The reason why human development was so painfully slow for such a
long period of time was precisely the very low level of development of
the productive forces. The real development begins already in the phase
of barbarism, as explained above. This was a progressive development in
its day, but was overtaken, negated and superseded by a higher form that
was slavery. Old Hegel, that wonderfully profound thinker, writes: "It
was not so much
from slavery as
through slavery that humanity was emancipated." (
Lectures on the Philosophy of History, p. 407)
The Romans utilised brute force to subjugate other peoples, sold
entire cities into slavery, slaughtered thousands of prisoners of war
for amusement in the public circus, and introduced such refined methods
of execution as crucifixion. Yes, all that is perfectly true. And yet,
when we come to consider where all our modern civilization, our culture,
our literature, our architecture, our medicine, our science, our
philosophy, even in many cases our language, comes from, the answer is -
from Greece and Rome.
It is not a difficult task to read out a long list of the crimes of
the Romans (or the feudal lords or the modern day capitalists). It is
even possible to compare them unfavourably, at least in some respects,
to the barbarian tribes against which they were more or less constantly
at war. This is not new. In fact, you can read numerous passages in the
writings of the Roman historian Tacitus who does precisely that. But it
does not carry us a single step forward in our understanding of history.
Only by consistently applying the method of historical materialism is
this possible.
The rise and fall of Rome
Although the labour of the individual slave was not very productive
(slaves must be compelled to work), the aggregate of large numbers of
slaves, as in the mines and
latifundia (large scale
agricultural units) in Rome in the last period of the Republic and the
Empire, produced a considerable surplus. At the height of the Empire,
slaves were plentiful and cheap and the wars of Rome were basically
slave hunts on a massive scale. But at a certain stage this system
reached its limits and then entered into a lengthy period of decline.
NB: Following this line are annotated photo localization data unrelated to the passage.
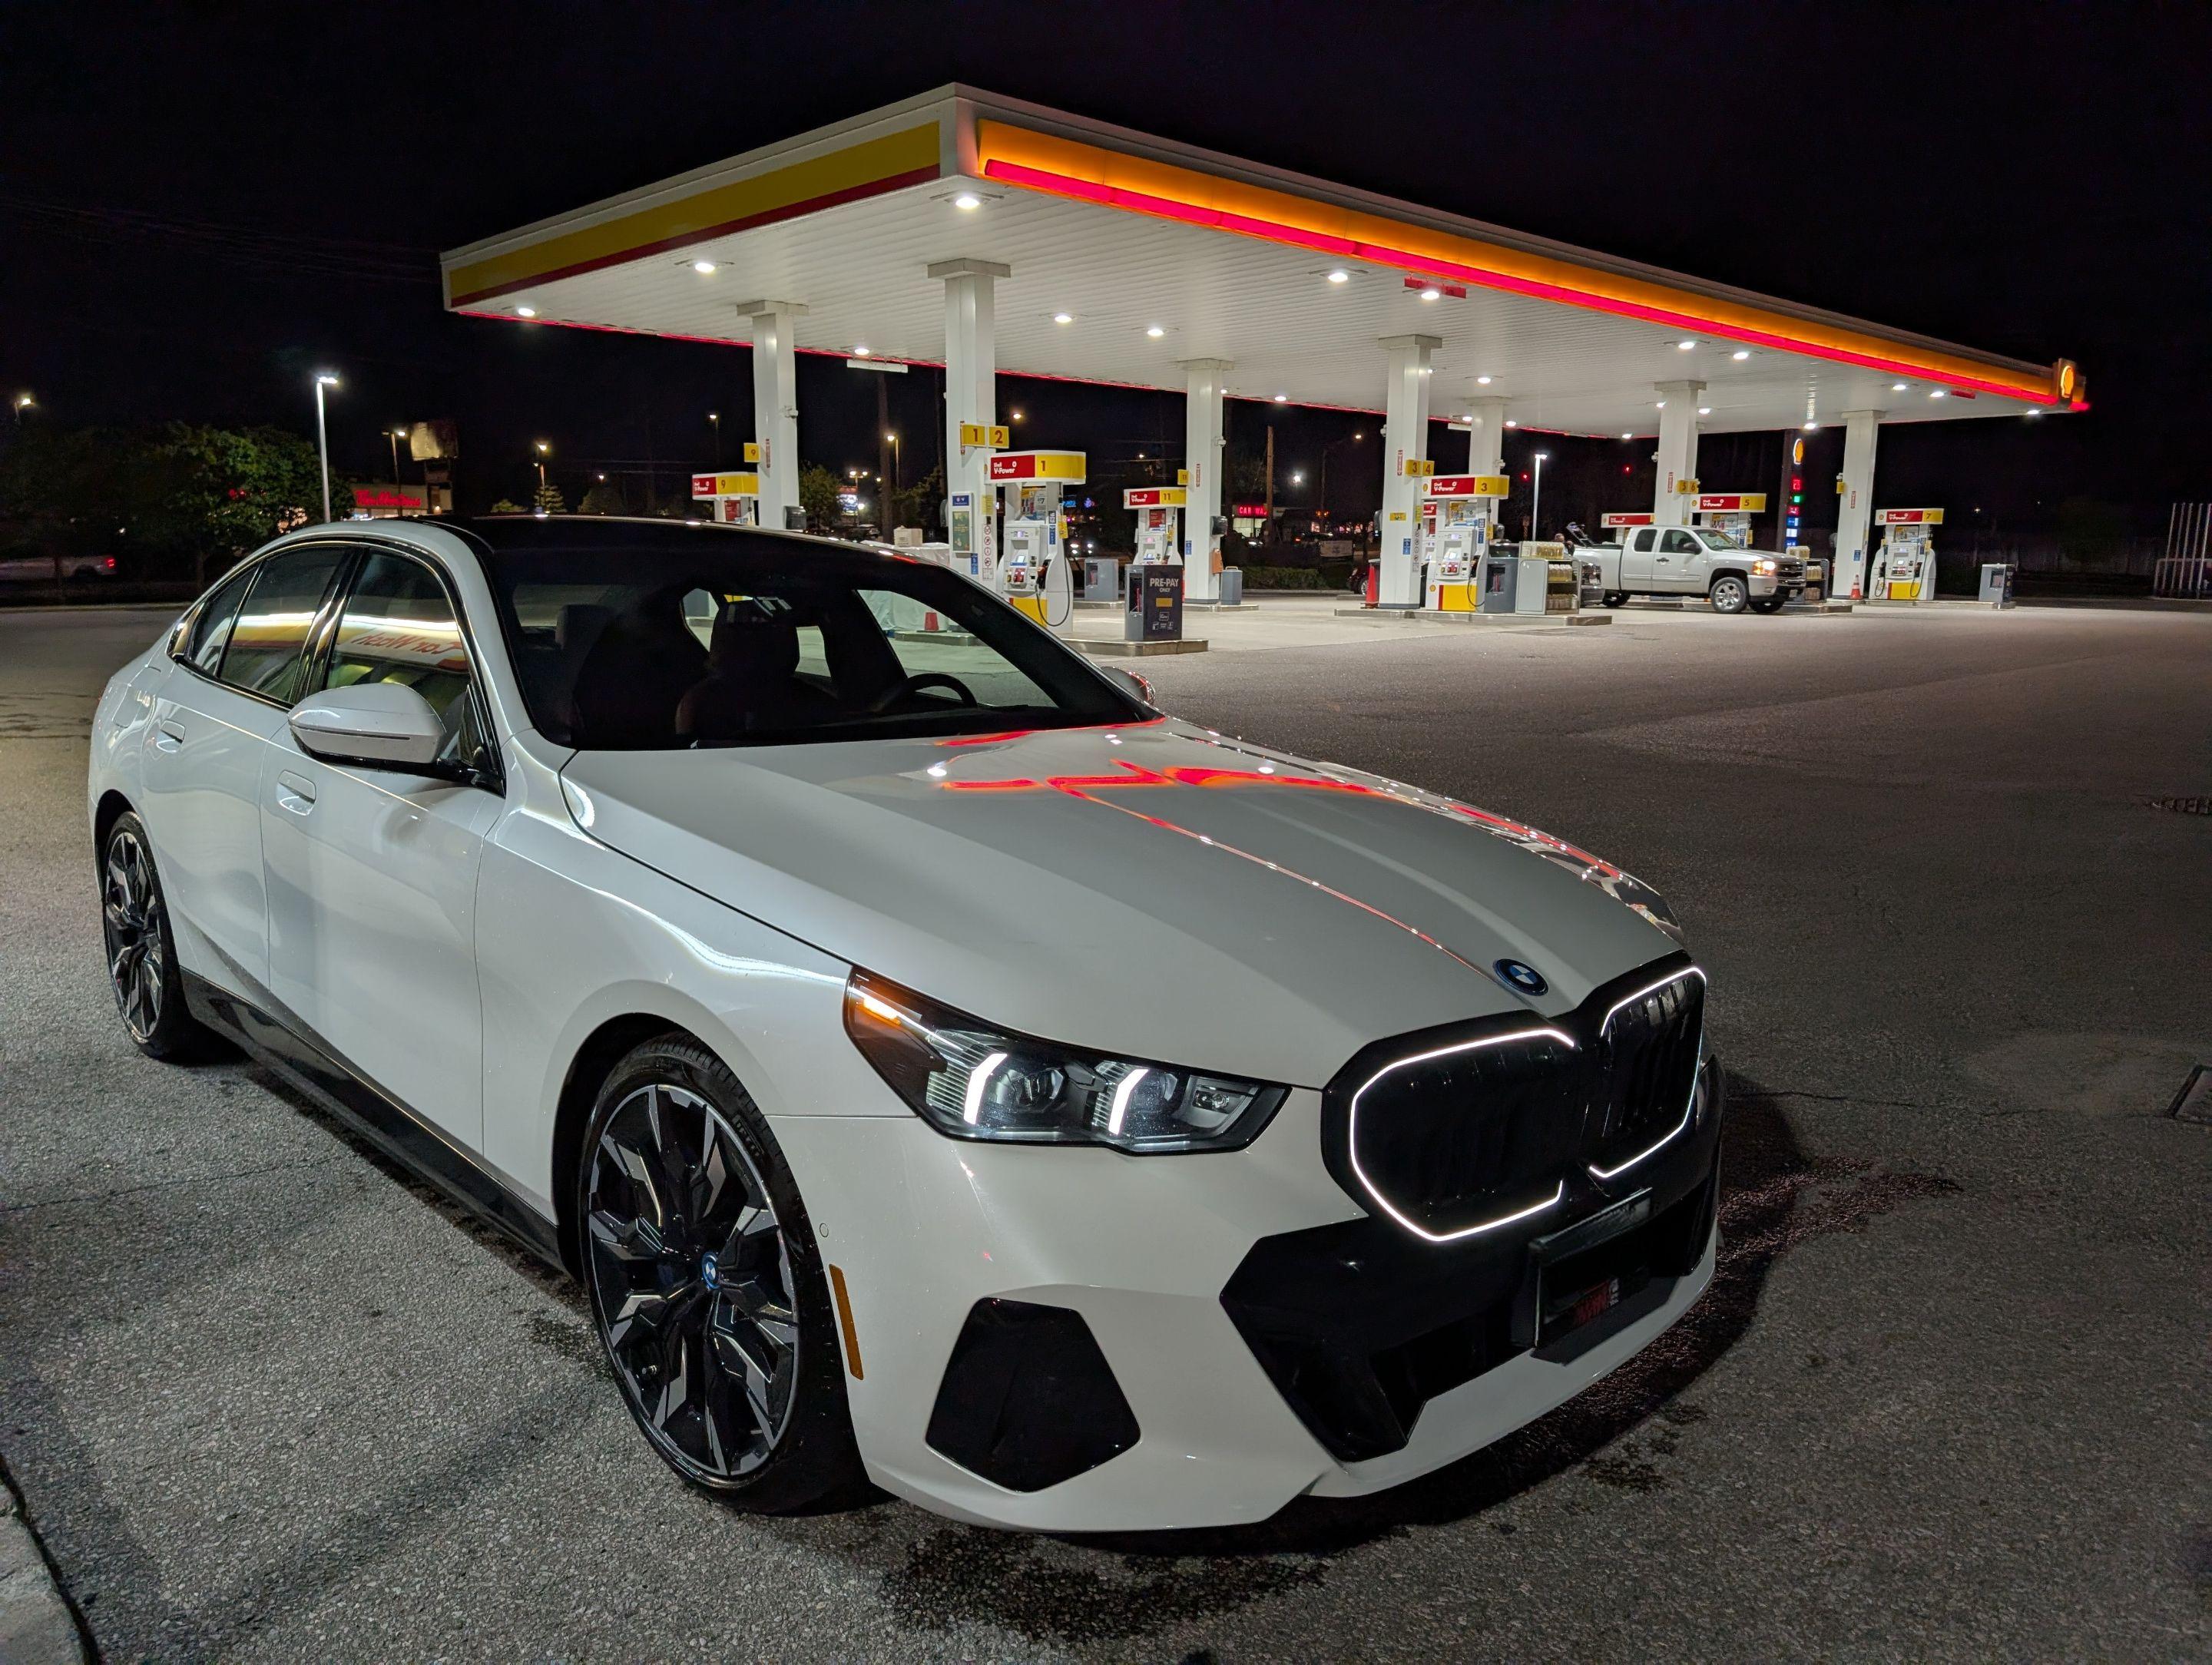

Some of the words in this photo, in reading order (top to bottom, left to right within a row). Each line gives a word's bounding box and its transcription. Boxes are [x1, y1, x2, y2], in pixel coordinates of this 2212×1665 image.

[973, 428, 979, 442] 1
[995, 429, 1004, 444] 2
[1041, 460, 1046, 472] 1
[1412, 462, 1418, 473] 3
[1426, 464, 1431, 474] 4
[720, 479, 726, 489] 9
[1481, 482, 1488, 492] 3
[1163, 492, 1171, 501] 11
[1743, 498, 1750, 507] 5
[1239, 506, 1251, 515] CAR
[1149, 578, 1179, 588] PRE-PAY
The beginnings of a crisis in Rome can already be observed in the
latter period of the Republic, a period characterised by acute social
and political upheavals and class war. From the earliest beginnings
there was a violent struggle between rich and poor in Rome. There are
detailed accounts in the writings of Livy and others of the struggles
between Plebeians and Patricians, which ended in an uneasy compromise.
At a later period, when Rome had already made herself mistress of the
Mediterranean by the defeat of her most powerful rival Carthage, we saw
what was in effect a struggle for the division of the spoils.
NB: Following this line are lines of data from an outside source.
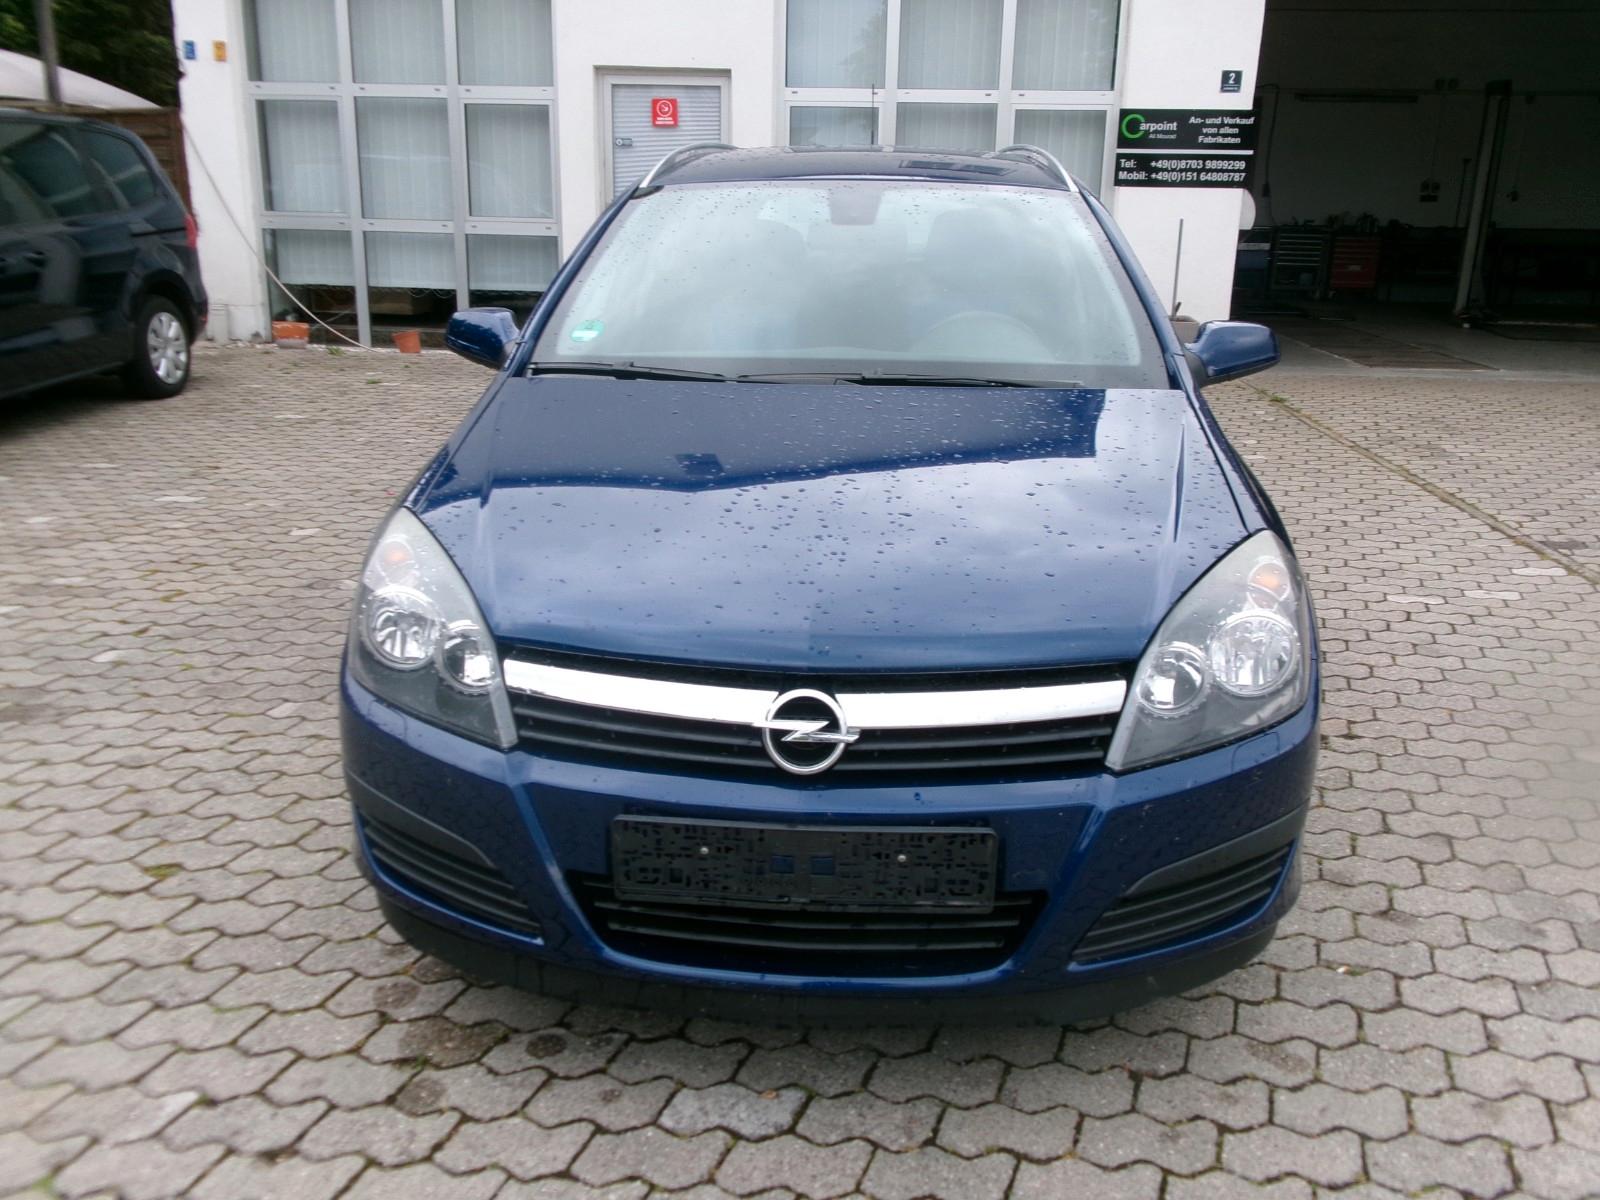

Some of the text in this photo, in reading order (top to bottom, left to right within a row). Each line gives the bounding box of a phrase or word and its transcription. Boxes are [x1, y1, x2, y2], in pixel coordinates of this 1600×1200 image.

[1228, 72, 1236, 84] 2
[1121, 113, 1178, 139] Carpoint
[1188, 116, 1255, 125] An- und Verkauf
[1219, 126, 1239, 134] allen
[1198, 135, 1241, 144] Fabrikaten
[1120, 158, 1246, 170] Tel: +49(0)8703 9899299
[1118, 170, 1149, 180] Mobil:
[1150, 171, 1198, 182] +49(0)151
Tiberius Gracchus demanded that the wealth of Rome be divided up
among its free citizens. His aim was to make Italy a republic of small
farmers and not slaves, but he was defeated by the nobles and
slave-holders. This was a disaster for Rome in the long run. The ruined
peasantry - the backbone of the Republic and its army - drifted to Rome
where they constituted a
lumpen-proletariat, a non-productive
class, living off dole from the state. Although resentful of the rich,
they nevertheless shared a common interest in the exploitation of the
slaves - the only really productive class in the period of the Republic
and the Empire.
The great slave rising under Spartacus was a glorious episode in the
history of antiquity. The echoes of this titanic uprising reverberates
down the centuries and is still a source of inspiration. The spectacle
of these most downtrodden people rising up with arms in hand and
inflicting defeat after defeat on the armies of the world's greatest
power is one of the most incredible events in history. Had they
succeeded in overthrowing the Roman state, the course of history would
have been significantly altered.
Of course, it is not possible to say exactly what the outcome would
have been. Undoubtedly the slaves would have been freed. Given the level
of development of the productive forces, the general tendency could
only have been in the direction of some kind of feudalism. But at least
humanity would have been spared the horrors of the Dark Ages, and it is
likely that economic and cultural development would have proceeded more
quickly.
The basic reason why Spartacus failed in the end was the fact that
the slaves did not link up with the proletariat in the towns. So long as
the latter continued to support the state, the victory of the slaves
was impossible. But the Roman proletariat, unlike the modern
proletariat, was not a productive but a purely parasitical class, living
off the labour of the slaves and dependent on their masters. The
failure of the Roman revolution is rooted in this fact.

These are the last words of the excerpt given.